● Goal of the exercise: Please transcribe the listing below in full, exactly as written, leaving out its pictures.

● Material provided:
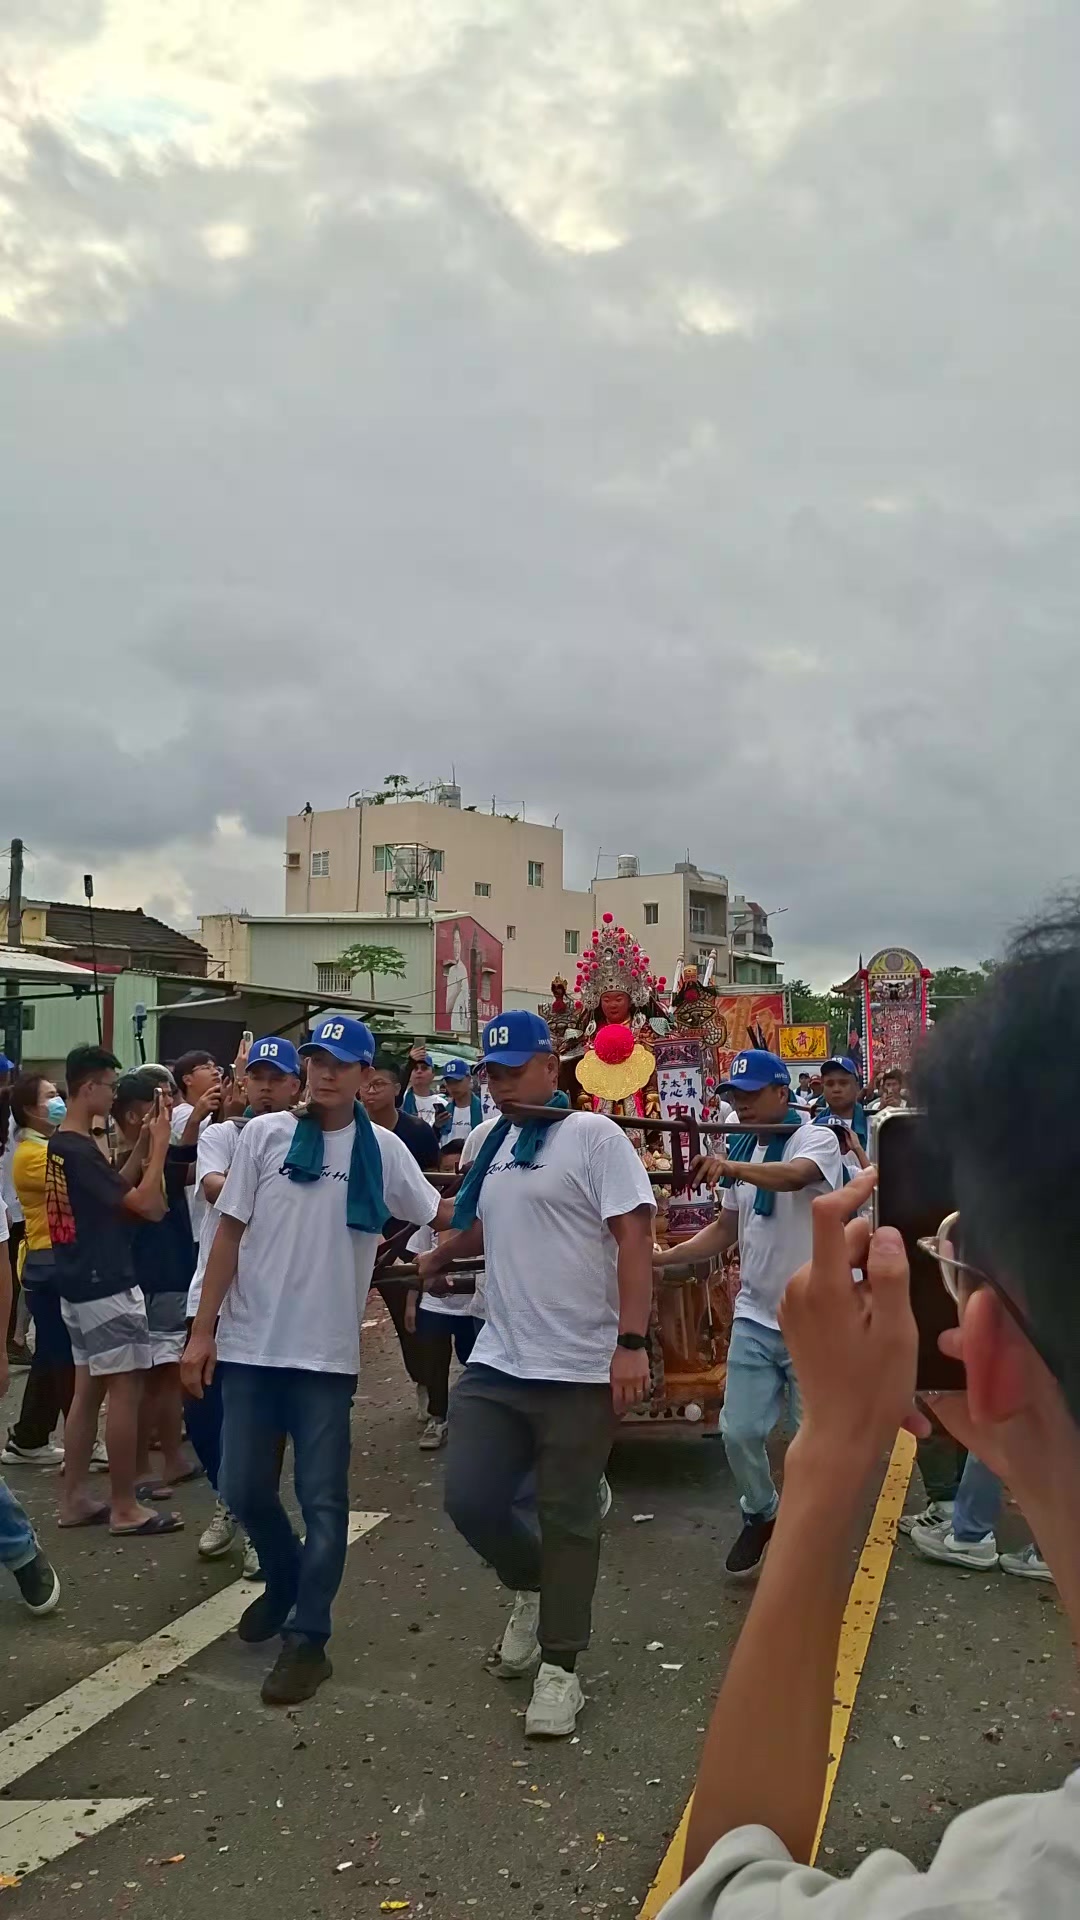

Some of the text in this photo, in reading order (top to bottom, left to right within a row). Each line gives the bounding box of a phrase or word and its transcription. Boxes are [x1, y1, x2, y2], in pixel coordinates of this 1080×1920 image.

[320, 1023, 345, 1040] 03
[489, 1026, 509, 1047] 03
[260, 1043, 278, 1057] 03
[446, 1063, 456, 1073] 03
[732, 1058, 748, 1076] 03
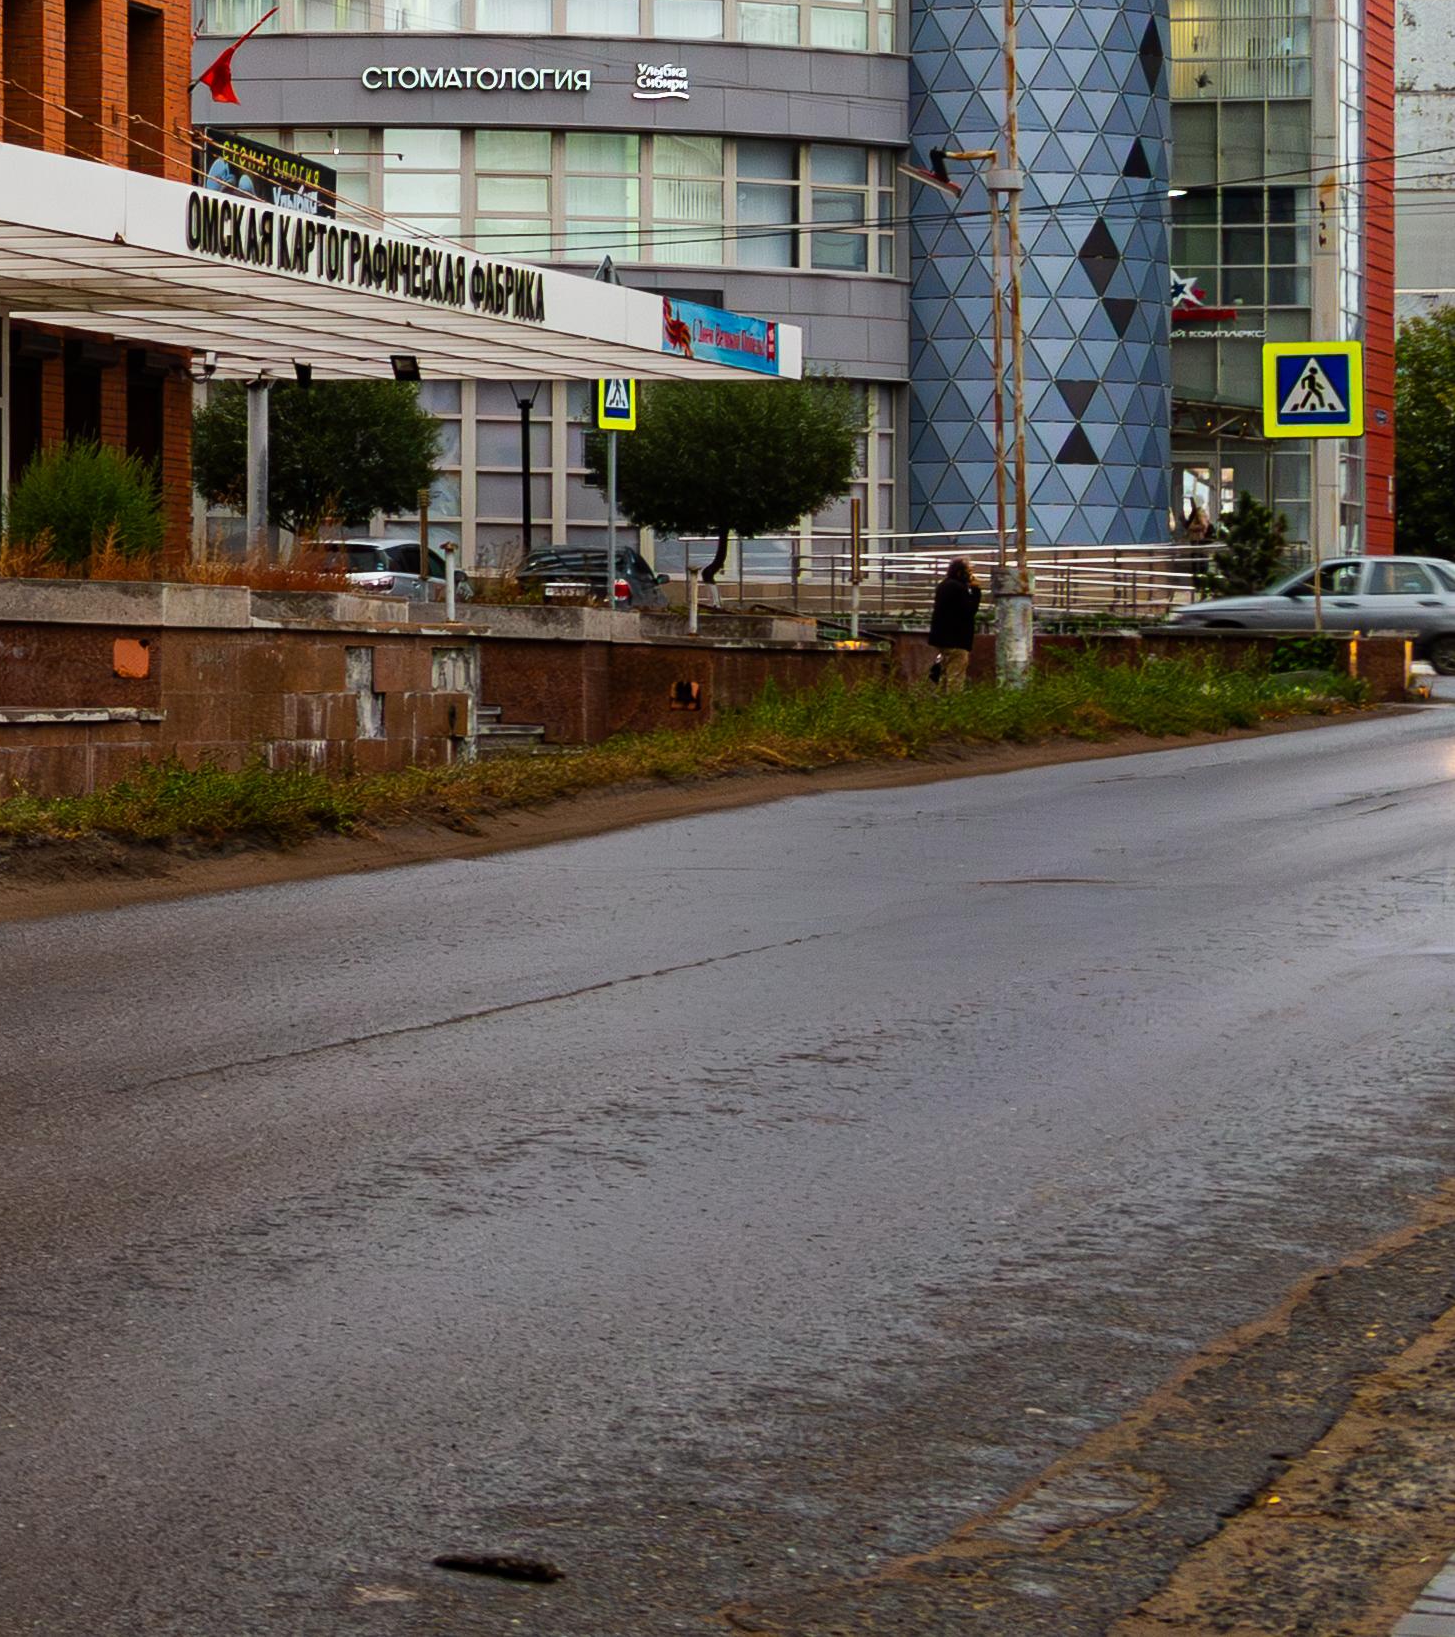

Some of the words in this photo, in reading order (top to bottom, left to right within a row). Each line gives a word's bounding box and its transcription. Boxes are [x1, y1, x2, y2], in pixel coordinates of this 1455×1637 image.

[361, 66, 591, 91] СТОМАТОЛОГИЯ
[637, 63, 688, 78] Улыбка
[636, 75, 689, 92] Сибири
[221, 140, 321, 187] СТОМАТОЛОГИЯ
[186, 190, 274, 267] ОМСКАЯ
[276, 214, 467, 307] КАРТОГРАФИЧЕСКАЯ
[470, 260, 546, 322] ФАБРИКА

● Finished task:
Some of the text in this photo, in reading order (top to bottom, left to right within a row). Each line gives the bounding box of a phrase or word and its transcription. Boxes are [x1, y1, x2, y2], in pixel coordinates of this 1080×1920 image.

[320, 1023, 345, 1040] 03
[489, 1026, 509, 1047] 03
[260, 1043, 278, 1057] 03
[446, 1063, 456, 1073] 03
[732, 1058, 748, 1076] 03

Some of the words in this photo, in reading order (top to bottom, left to right within a row). Each line gives a word's bounding box and its transcription. Boxes are [x1, y1, x2, y2], in pixel coordinates of this 1455×1637 image.

[361, 66, 591, 91] СТОМАТОЛОГИЯ
[637, 63, 688, 78] Улыбка
[636, 75, 689, 92] Сибири
[221, 140, 321, 187] СТОМАТОЛОГИЯ
[186, 190, 274, 267] ОМСКАЯ
[276, 214, 467, 307] КАРТОГРАФИЧЕСКАЯ
[470, 260, 546, 322] ФАБРИКА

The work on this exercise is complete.